Solo il 13% degli italiani, contro il 29% della media europea, utilizza i servizi bancari on line. Se invece si tratta di effettuare operazioni legate ai viaggi o alla ricerca di alberghi, gli italiani sembrano più tecnologici: utilizza internet circa il 20% a fronte di una media europea del 32%. Sono i dati pubblicati oggi dall’Eurostat, l’ufficio europeo di statistica, che ha condotto un’indagine sull’uso della rete da parte delle famiglie e dei privati.
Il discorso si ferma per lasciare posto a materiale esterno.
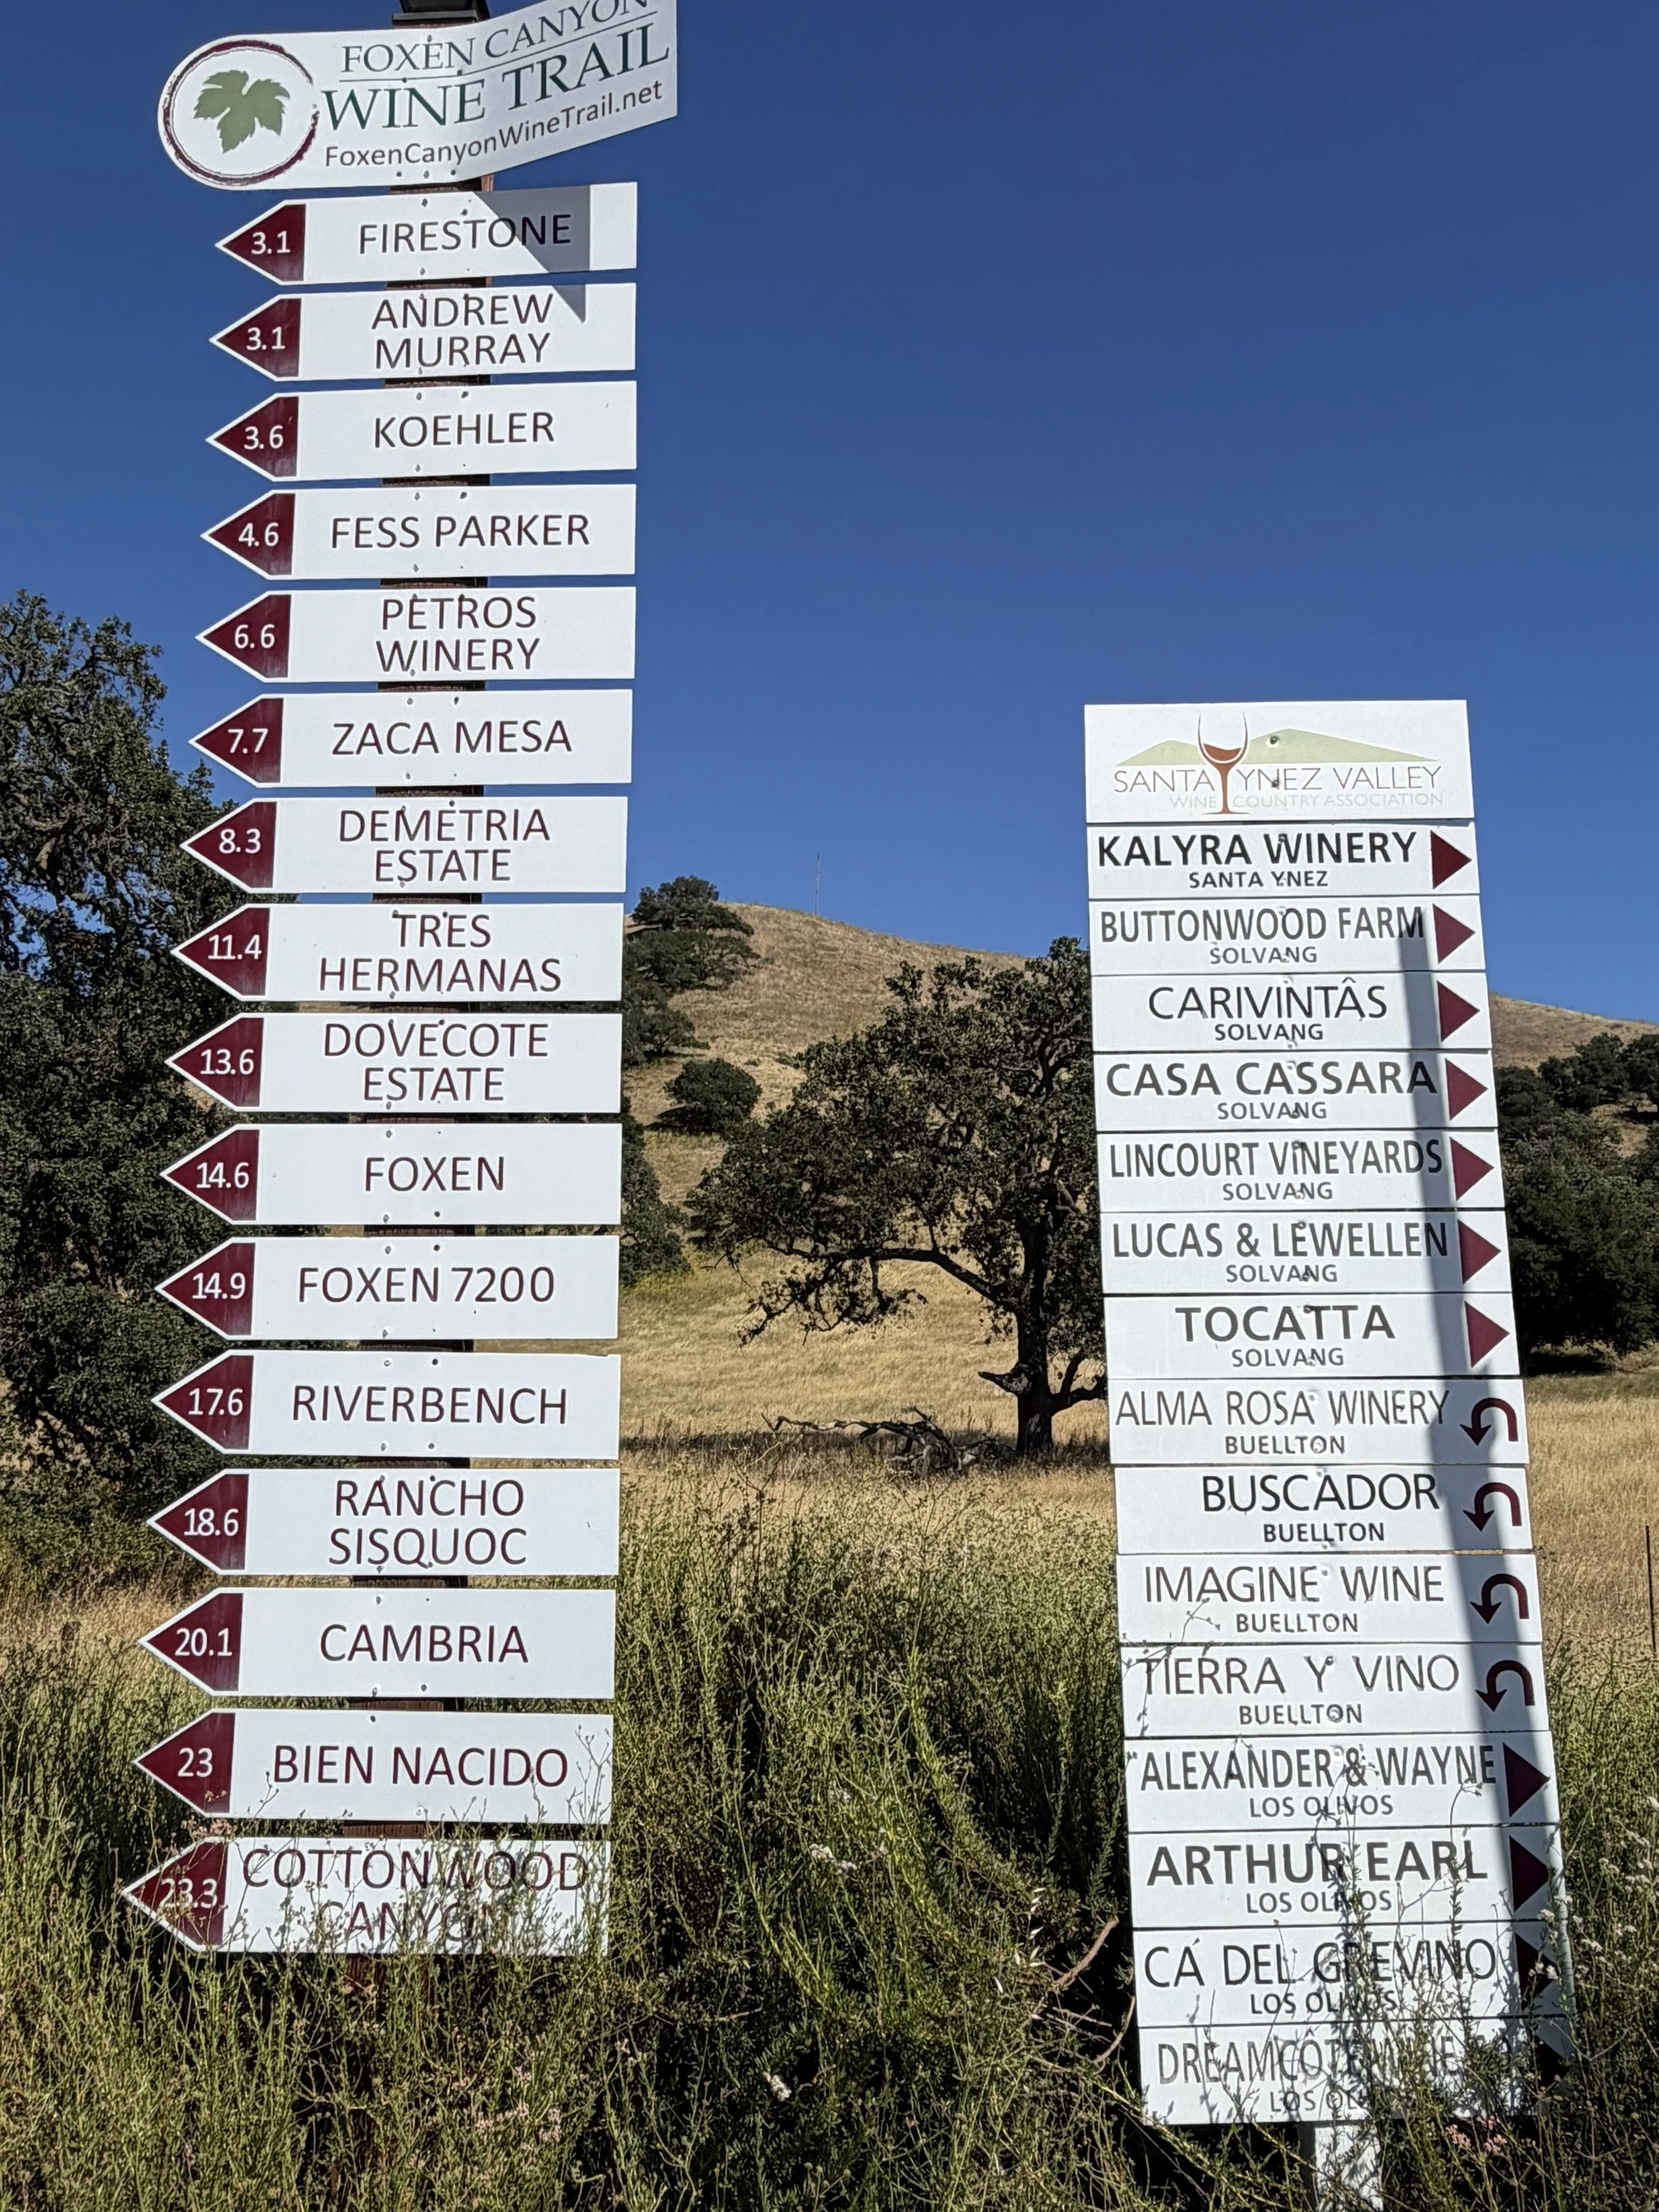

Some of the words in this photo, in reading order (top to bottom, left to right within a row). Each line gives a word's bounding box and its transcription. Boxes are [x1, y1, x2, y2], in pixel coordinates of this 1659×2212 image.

[342, 37, 476, 73] FOXEN
[322, 79, 486, 131] WINE
[502, 23, 670, 110] TRAIL
[326, 80, 662, 167] FoxenCanyonWineTrail.net
[251, 232, 290, 255] 3.1
[360, 214, 572, 255] FIRESTONE
[371, 293, 554, 330] ANDREW
[246, 327, 286, 352] 3.1
[375, 332, 551, 369] MURRAY
[244, 425, 284, 451] 3.6
[374, 412, 555, 448] KOEHLER
[238, 522, 279, 547] 4.6
[332, 516, 421, 549] FESS
[435, 514, 590, 547] PARKER
[382, 597, 536, 630] PETROS
[234, 623, 275, 649] 6.6
[376, 637, 541, 672] WINERY
[227, 728, 269, 754] 7.7
[331, 721, 440, 756] ZACA
[455, 719, 573, 754] MESA
[1114, 769, 1215, 793] SANTA
[1236, 767, 1323, 791] YNEZ
[1333, 766, 1441, 790] VALLEY
[1169, 796, 1218, 809] WINE
[1233, 794, 1321, 808] COUNTRY
[1324, 792, 1443, 806] ASSOCIATION
[218, 828, 261, 855] 8.3
[340, 808, 551, 842] DEMETRIA
[375, 849, 511, 882] ESTATE
[1098, 834, 1251, 867] KALYRA
[1264, 831, 1417, 863] WINERY
[1189, 871, 1263, 889] SANTA
[1271, 870, 1329, 887] YNEZ
[398, 913, 491, 948] TRES
[1101, 907, 1327, 942] BUTTONWOOD
[1338, 906, 1425, 939] FARM
[207, 934, 262, 961] 11.4
[1210, 946, 1318, 964] SOLVANG
[319, 957, 561, 993] HERMANAS
[1148, 978, 1388, 1020] CARIVINTÂS
[325, 1023, 549, 1058] DOVECOTE
[1214, 1023, 1324, 1041] SOLVANG
[200, 1049, 255, 1076] 13.6
[1106, 1063, 1222, 1097] CASA
[1236, 1061, 1437, 1095] CASSARA
[364, 1067, 504, 1102] ESTATE
[1217, 1102, 1327, 1120] SOLVANG
[196, 1163, 250, 1189] 14.6
[365, 1155, 504, 1191] FOXEN
[1110, 1142, 1260, 1178] LINCOURT
[1268, 1140, 1443, 1175] VINEYARDS
[1222, 1182, 1333, 1201] SOLVANG
[1113, 1222, 1222, 1258] LUCAS
[1236, 1222, 1261, 1257] &
[1273, 1221, 1448, 1256] LEWELLEN
[192, 1273, 246, 1299] 14.9
[299, 1266, 439, 1302] FOXEN
[451, 1266, 555, 1302] 7200
[1226, 1264, 1338, 1283] SOLVANG
[1175, 1305, 1396, 1343] TOCATTA
[1232, 1347, 1344, 1367] SOLVANG
[188, 1388, 244, 1416] 17.6
[293, 1386, 567, 1424] RIVERBENCH
[1116, 1391, 1212, 1426] ALMA
[1227, 1390, 1315, 1426] ROSA
[1328, 1390, 1450, 1426] WINERY
[1225, 1436, 1345, 1455] BUELLTON
[336, 1480, 525, 1517] RANCHO
[1202, 1474, 1440, 1512] BUSCADOR
[183, 1508, 239, 1537] 18.6
[1264, 1522, 1384, 1542] BUELLTON
[328, 1528, 527, 1568] SISQUOC
[1145, 1566, 1320, 1603] IMAGINE
[1340, 1566, 1444, 1601] WINE
[1236, 1613, 1358, 1633] BUELLTON
[175, 1628, 233, 1657] 20.1
[320, 1624, 528, 1664] CAMBRIA
[1136, 1657, 1286, 1694] TIERRA
[1304, 1657, 1331, 1692] Y
[1352, 1655, 1459, 1693] VINO
[1239, 1704, 1362, 1725] BUELLTON
[177, 1747, 214, 1777] 23
[273, 1745, 374, 1785] BIEN
[392, 1746, 569, 1787] NACIDO
[1141, 1749, 1334, 1791] ALEXANDER
[1345, 1748, 1368, 1787] &
[1376, 1745, 1497, 1786] WAYNE
[1250, 1796, 1295, 1818] LOS
[1304, 1795, 1393, 1816] OLIVOS
[243, 1848, 587, 1890] COTTONWOOD
[1147, 1843, 1348, 1886] ARTHUR
[1366, 1840, 1487, 1881] EARL
[160, 1878, 218, 1909] 23.3
[1247, 1893, 1292, 1914] LOS
[1223, 1944, 1296, 1985] DEL
[1250, 1993, 1296, 2014] LOS
[1270, 2091, 1316, 2112] LOS
Nel primo trimestre 2008 nell’Ue aveva accesso ad internet il 60% delle famiglie, contro il 54%dei primi 3 mesi del 2007; il 48% degli europei tecnologici disponeva di una connessione a banda larga, in Italia il 31%. Ci sono, tuttavia, significative differenze tra i vari Stati membri: sono i Paesi Bassi il paese con la percentuale più alta di famiglie "connesse" alla rete (l’86%); seguono le famiglie svedesi (l’84%) e quelle danesi (l’82%). Le prime 3 posizioni della classifica sono conservate da Paesi Bassi, Svezia e Danimarca anche per quanto riguarda l’utilizzo di internet per effettuare servizi bancari.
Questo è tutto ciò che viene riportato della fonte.